*** Opening DATA TO USE ***

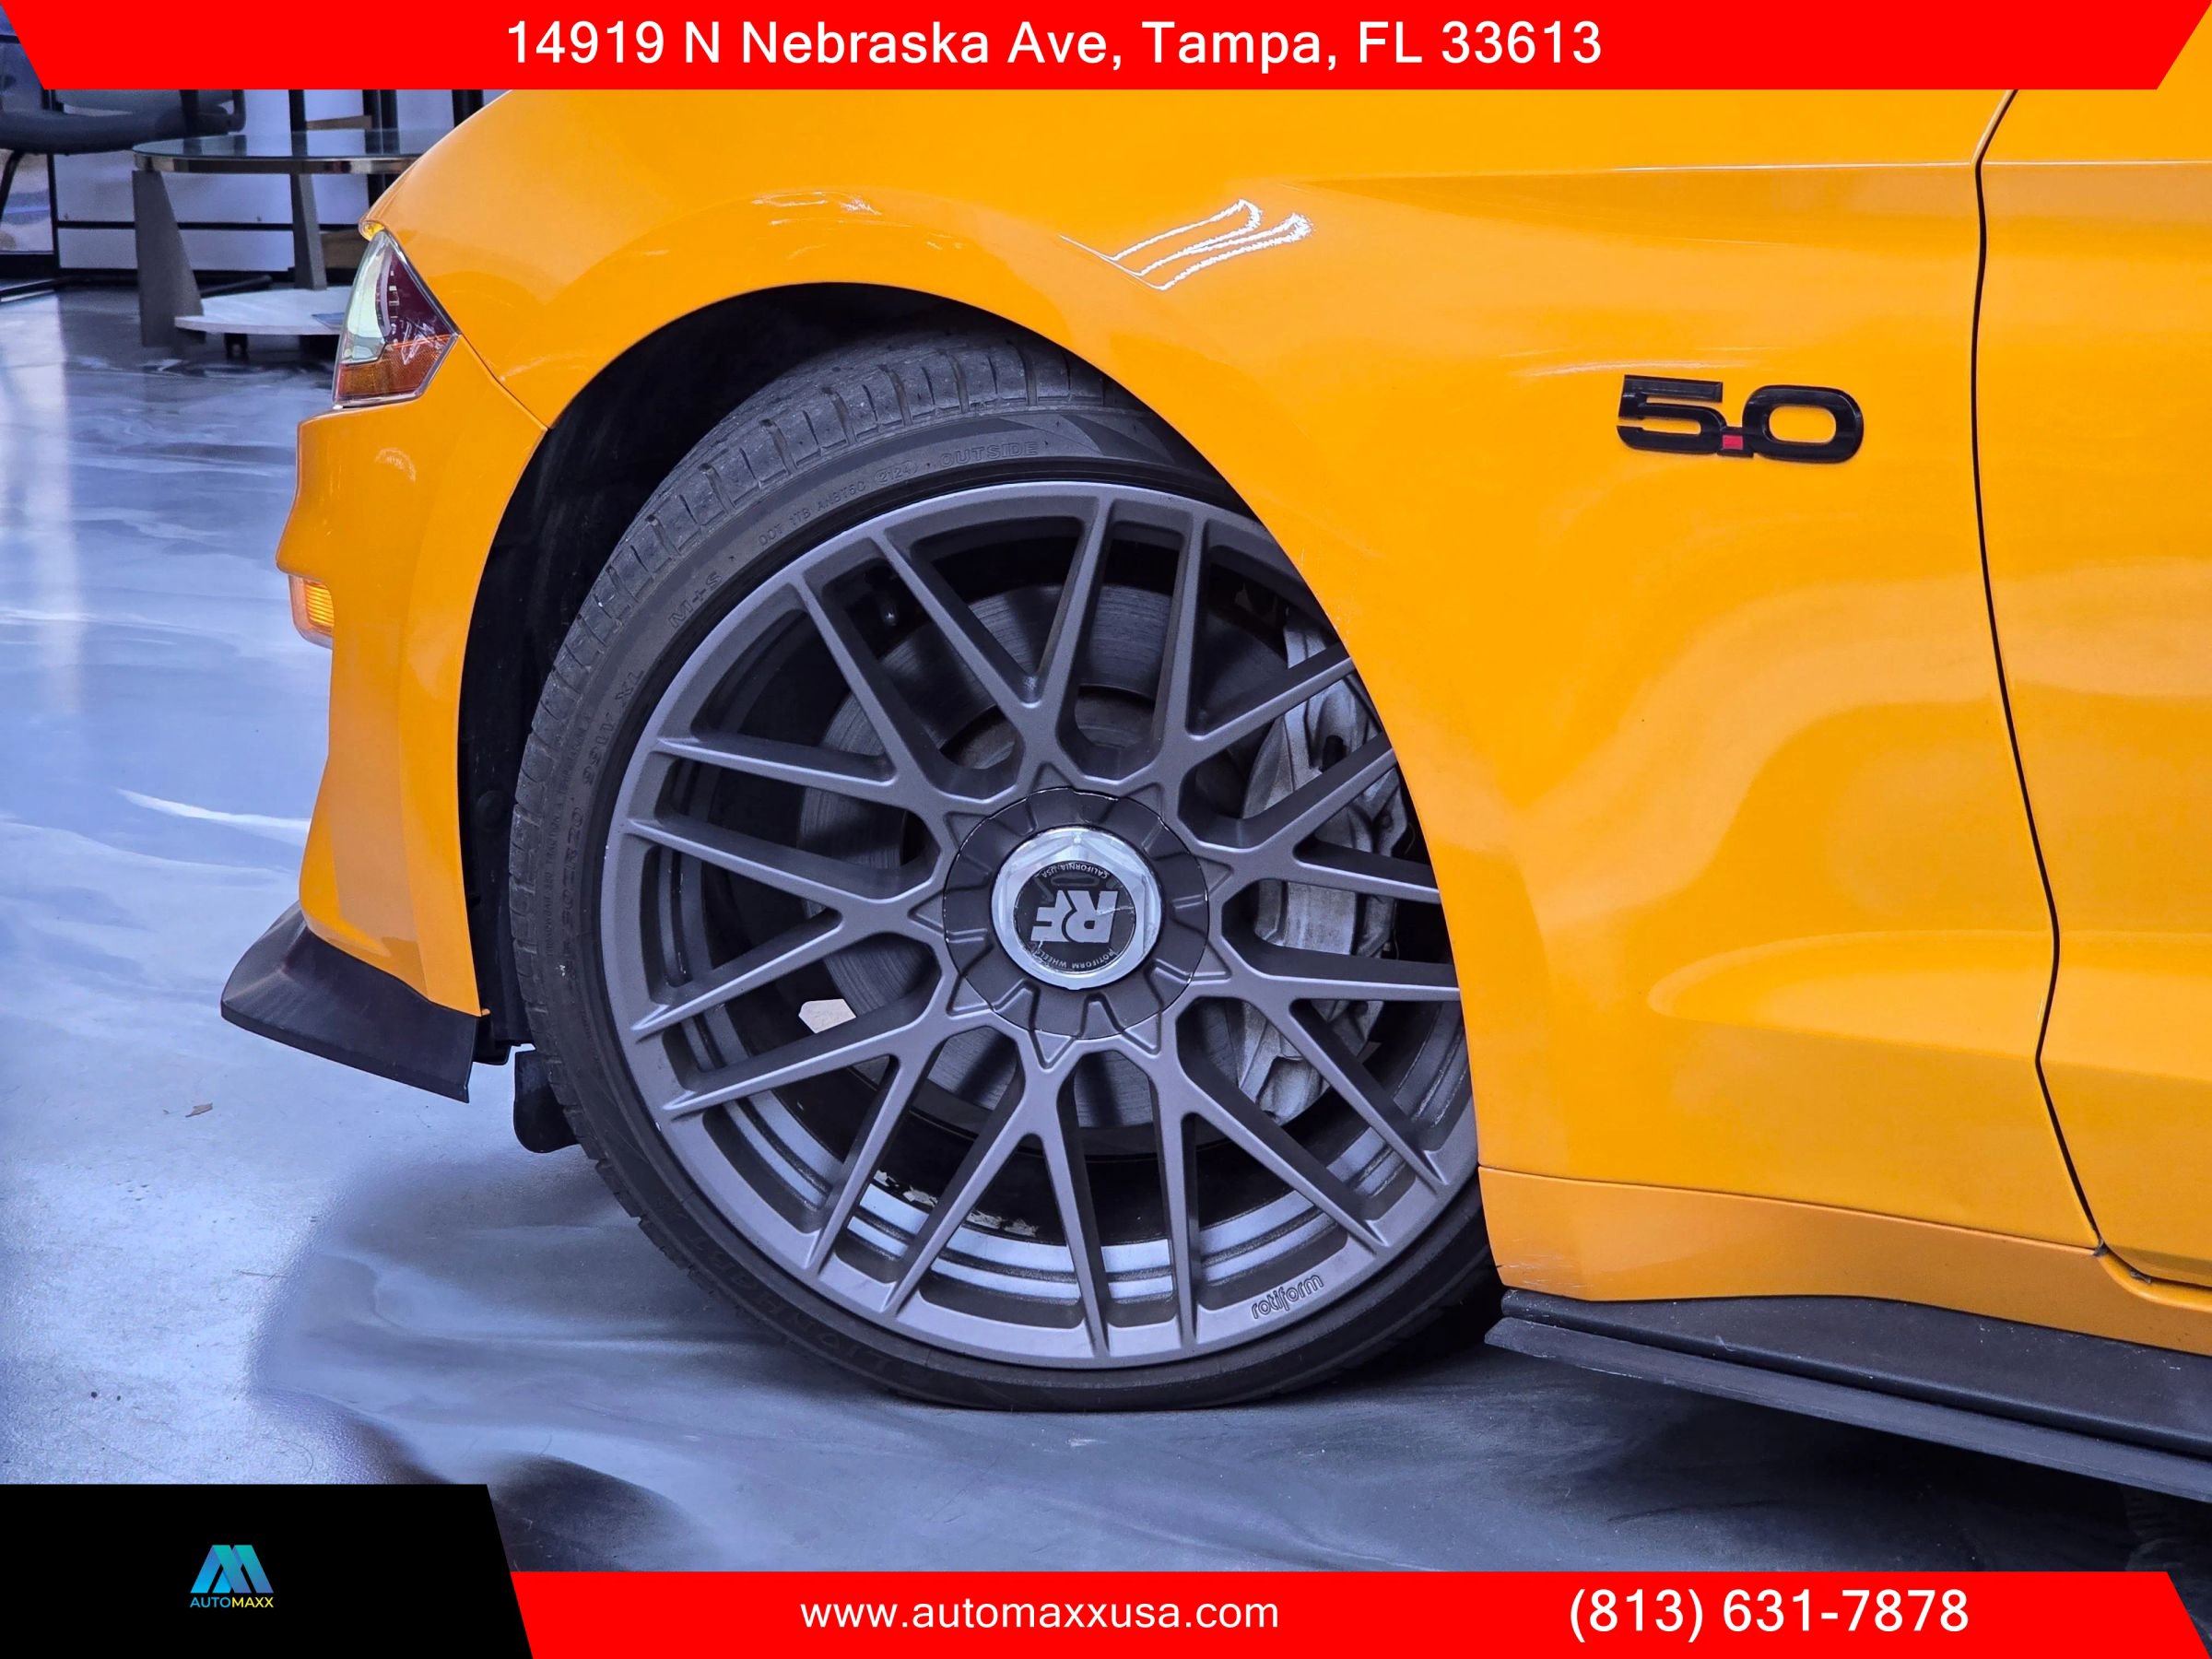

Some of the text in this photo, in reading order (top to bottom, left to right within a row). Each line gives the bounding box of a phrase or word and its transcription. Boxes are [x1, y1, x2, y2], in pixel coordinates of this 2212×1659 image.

[1617, 374, 1864, 464] 5.0
[941, 441, 1039, 466] OUTSIDE
[759, 524, 783, 547] DOT
[668, 572, 724, 629] M+S
[1041, 866, 1057, 877] USA
[1030, 890, 1118, 943] RF
[1071, 948, 1114, 969] ROTIFORM
[1251, 1275, 1324, 1319] rotiform

*** Closing DATA TO USE ***

WHAT THE EXERCISE ASKS: Give back the listing word for word, minus its images.

EXERCISE SOLUTION:
Some of the text in this photo, in reading order (top to bottom, left to right within a row). Each line gives the bounding box of a phrase or word and its transcription. Boxes are [x1, y1, x2, y2], in pixel coordinates of this 2212×1659 image.

[1617, 374, 1864, 464] 5.0
[941, 441, 1039, 466] OUTSIDE
[759, 524, 783, 547] DOT
[668, 572, 724, 629] M+S
[1041, 866, 1057, 877] USA
[1030, 890, 1118, 943] RF
[1071, 948, 1114, 969] ROTIFORM
[1251, 1275, 1324, 1319] rotiform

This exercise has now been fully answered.